Christus Vivit – Francisco I

160. Al contrario, incluso un adulto debe madurar sin perder los valores de la juventud. Porque en realidad cada etapa de la vida es una gracia permanente, encierra un valor que no debe pasar. Una juventud bien vivida permanece como experiencia interior, y en la vida adulta es asumida, es profundizada y sigue dando frutos. Si es propio del joven sentirse atraído por lo infinito que se abre y que comienza,[85] un riesgo de la vida adulta, con sus seguridades y comodidades, es acotar cada vez más ese horizonte y perder ese valor propio de los años jóvenes. Pero debería suceder lo contrario: madurar, crecer y organizar la propia vida sin perder esa atracción, esa apertura amplia, esa fascinación por una realidad que siempre es más. En cada momento de la vida podremos renovar y acrecentar la juventud.

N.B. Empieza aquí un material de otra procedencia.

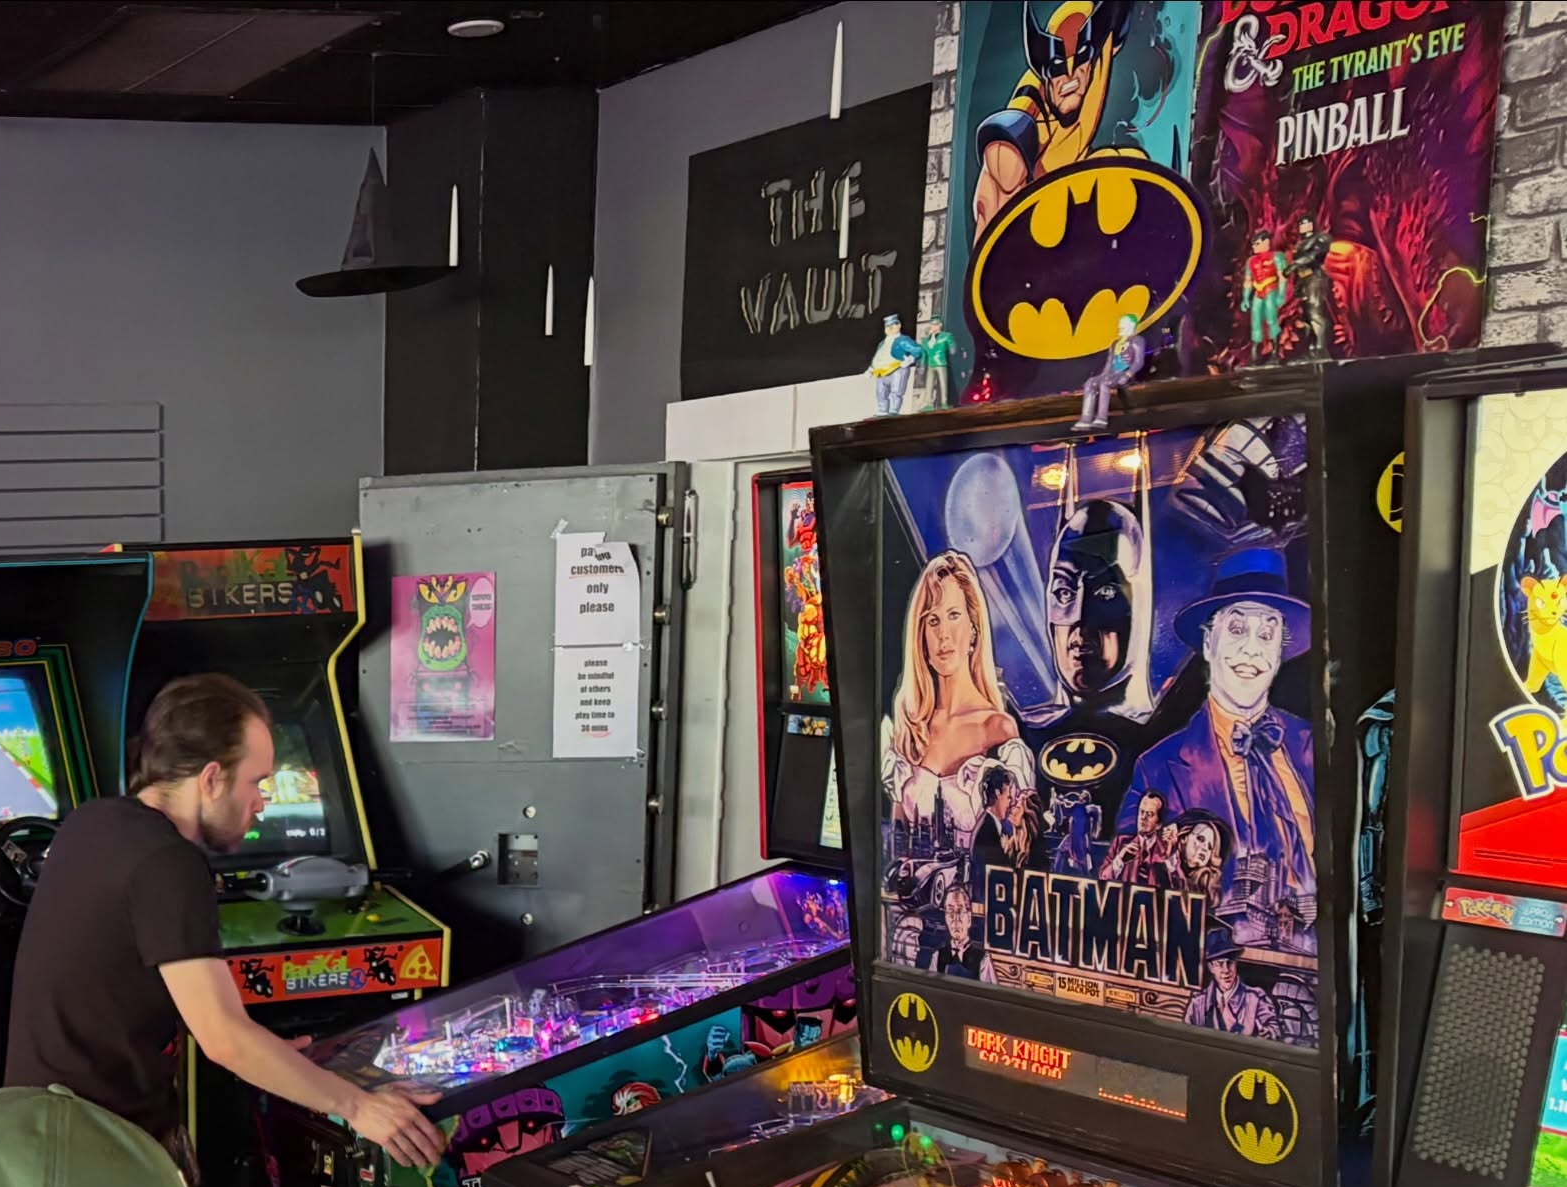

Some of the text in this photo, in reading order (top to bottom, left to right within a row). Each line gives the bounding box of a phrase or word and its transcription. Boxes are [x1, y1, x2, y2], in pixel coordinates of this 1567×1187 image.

Cuando comencé mi ministerio como Papa, el Señor me amplió los horizontes y me regaló una renovada juventud. Lo mismo puede ocurrirle a un matrimonio de muchos años, o a un monje en su monasterio. Hay cosas que necesitan “asentarse” con los años, pero esa maduración puede convivir con un fuego que se renueva, con un corazón siempre joven.


[85] Cf. Romano Guardini, Le età della vita, en Opera omnia IV, 1, Brescia 2015, 209.